## Data for processing
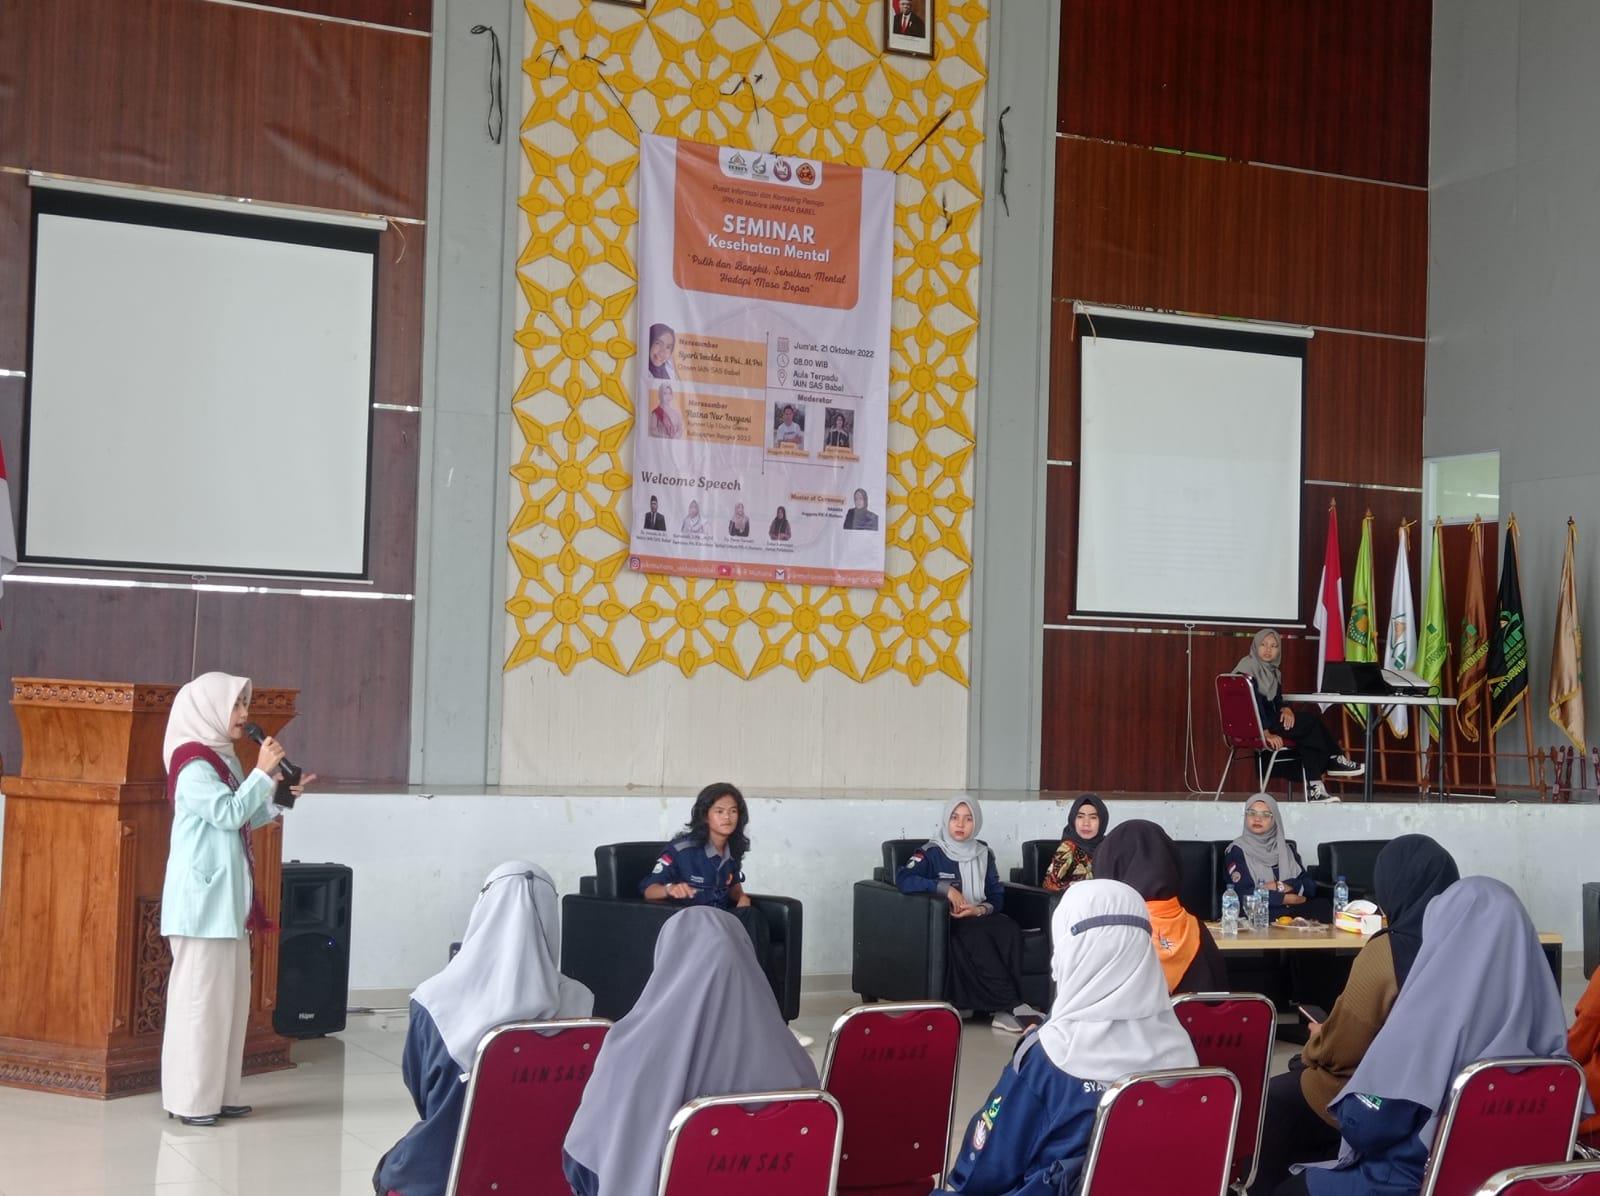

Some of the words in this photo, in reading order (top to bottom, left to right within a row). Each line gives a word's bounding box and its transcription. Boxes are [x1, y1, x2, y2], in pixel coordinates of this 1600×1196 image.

[796, 207, 817, 215] BABEL
[722, 214, 816, 244] SEMINAR
[708, 234, 781, 256] Kesehatan
[784, 245, 830, 263] Mental
[716, 259, 732, 270] dan
[774, 265, 812, 280] Sehatkan
[719, 272, 751, 287] Hadapi
[753, 277, 780, 290] Masa
[820, 344, 829, 352] 21
[829, 345, 857, 356] Oktober
[857, 349, 875, 358] 2022
[815, 359, 829, 369] WIB
[793, 369, 809, 379] Aula
[811, 371, 839, 382] Terpadu
[808, 381, 824, 390] SAS
[797, 394, 833, 404] Moderator
[641, 471, 696, 487] Welcome
[697, 476, 741, 491] Speech
[512, 1064, 551, 1083] IAIN
[706, 1152, 752, 1175] IAIN
[755, 1151, 795, 1173] SAS
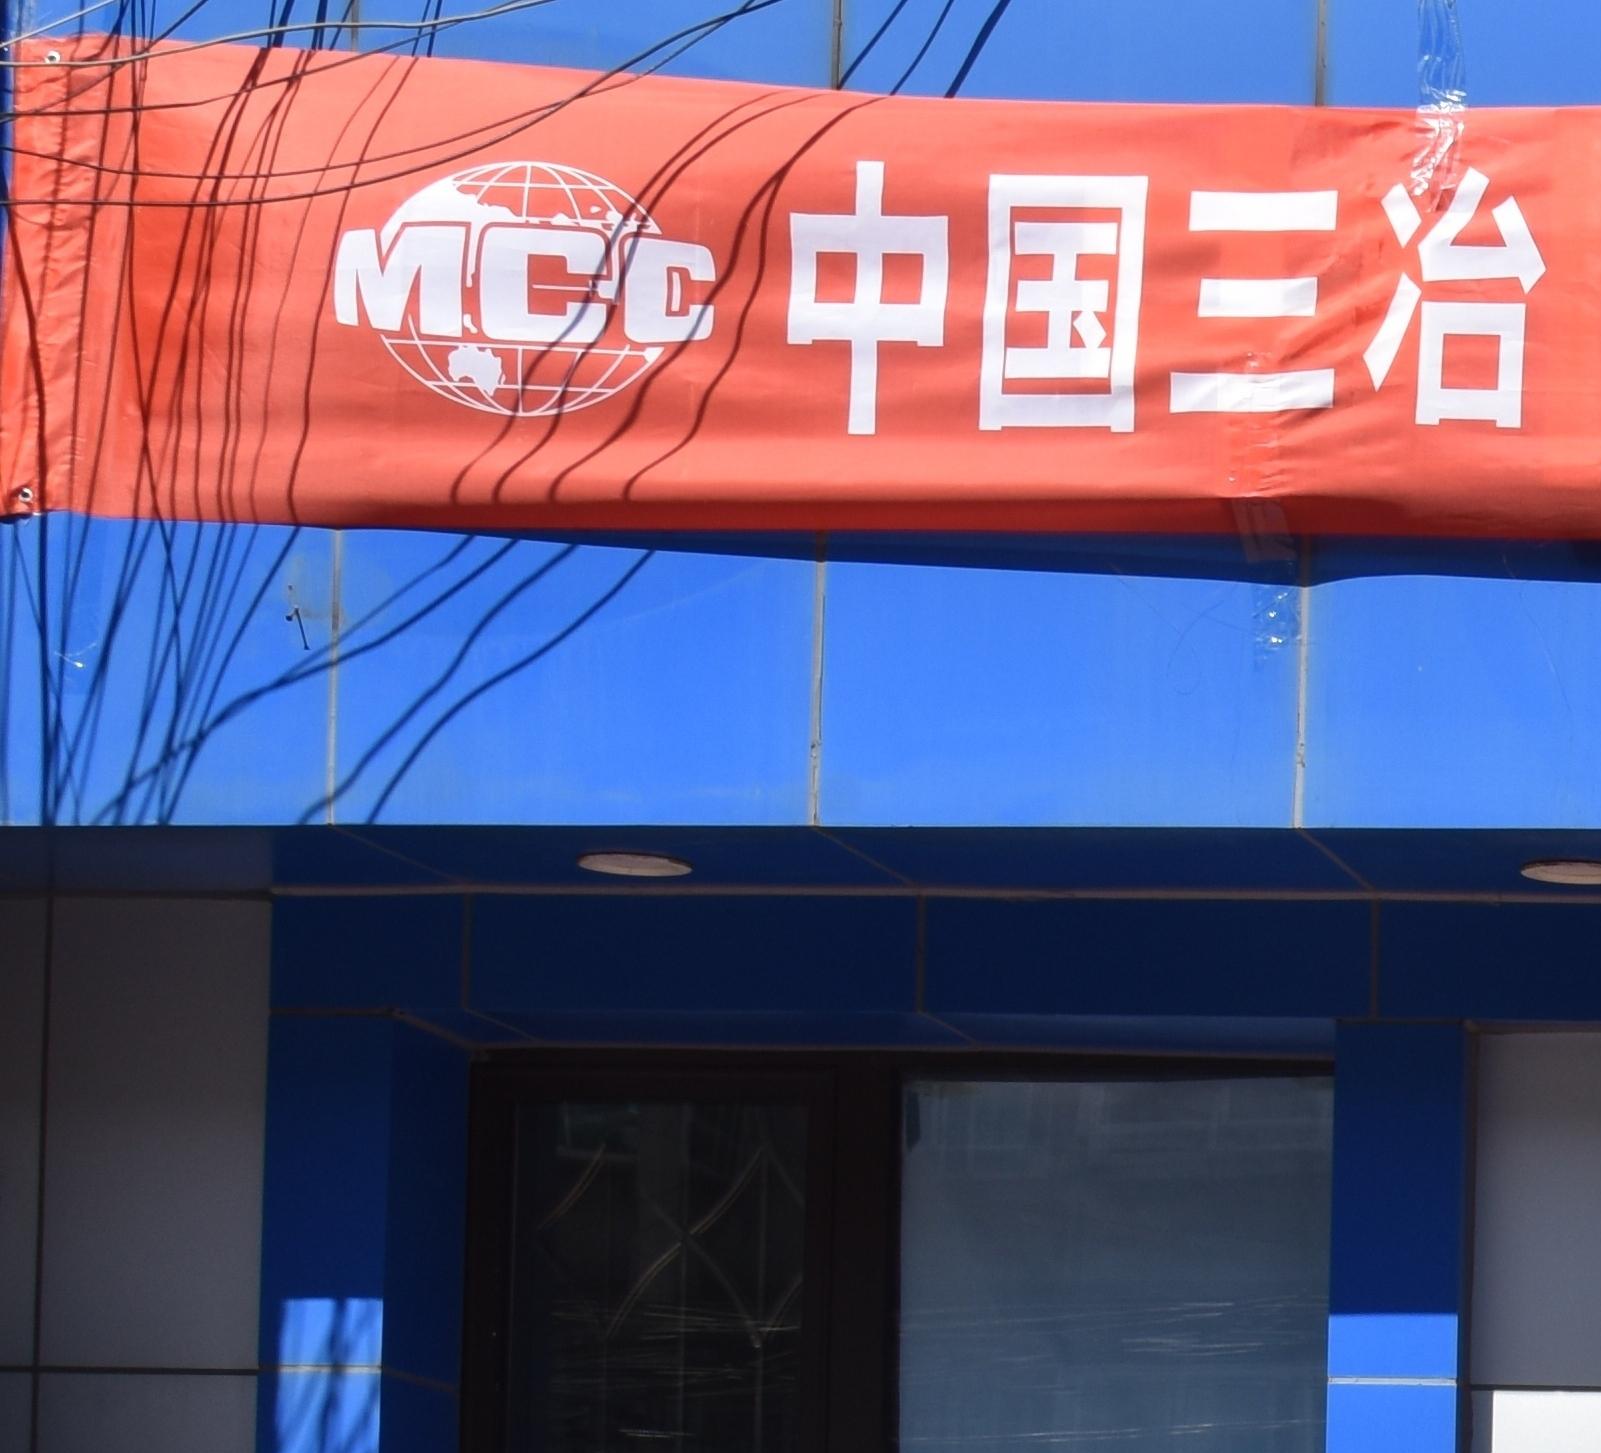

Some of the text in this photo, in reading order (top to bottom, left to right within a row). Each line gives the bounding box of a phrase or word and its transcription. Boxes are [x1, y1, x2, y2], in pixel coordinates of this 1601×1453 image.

[334, 221, 716, 344] MCC
[787, 160, 1548, 436] 中国三冶

## Work required
Copy each line above exactly, with no images.

## Response below
Some of the words in this photo, in reading order (top to bottom, left to right within a row). Each line gives a word's bounding box and its transcription. Boxes are [x1, y1, x2, y2], in pixel coordinates of this 1600×1196 image.

[796, 207, 817, 215] BABEL
[722, 214, 816, 244] SEMINAR
[708, 234, 781, 256] Kesehatan
[784, 245, 830, 263] Mental
[716, 259, 732, 270] dan
[774, 265, 812, 280] Sehatkan
[719, 272, 751, 287] Hadapi
[753, 277, 780, 290] Masa
[820, 344, 829, 352] 21
[829, 345, 857, 356] Oktober
[857, 349, 875, 358] 2022
[815, 359, 829, 369] WIB
[793, 369, 809, 379] Aula
[811, 371, 839, 382] Terpadu
[808, 381, 824, 390] SAS
[797, 394, 833, 404] Moderator
[641, 471, 696, 487] Welcome
[697, 476, 741, 491] Speech
[512, 1064, 551, 1083] IAIN
[706, 1152, 752, 1175] IAIN
[755, 1151, 795, 1173] SAS

Some of the text in this photo, in reading order (top to bottom, left to right within a row). Each line gives the bounding box of a phrase or word and its transcription. Boxes are [x1, y1, x2, y2], in pixel coordinates of this 1601×1453 image.

[334, 221, 716, 344] MCC
[787, 160, 1548, 436] 中国三冶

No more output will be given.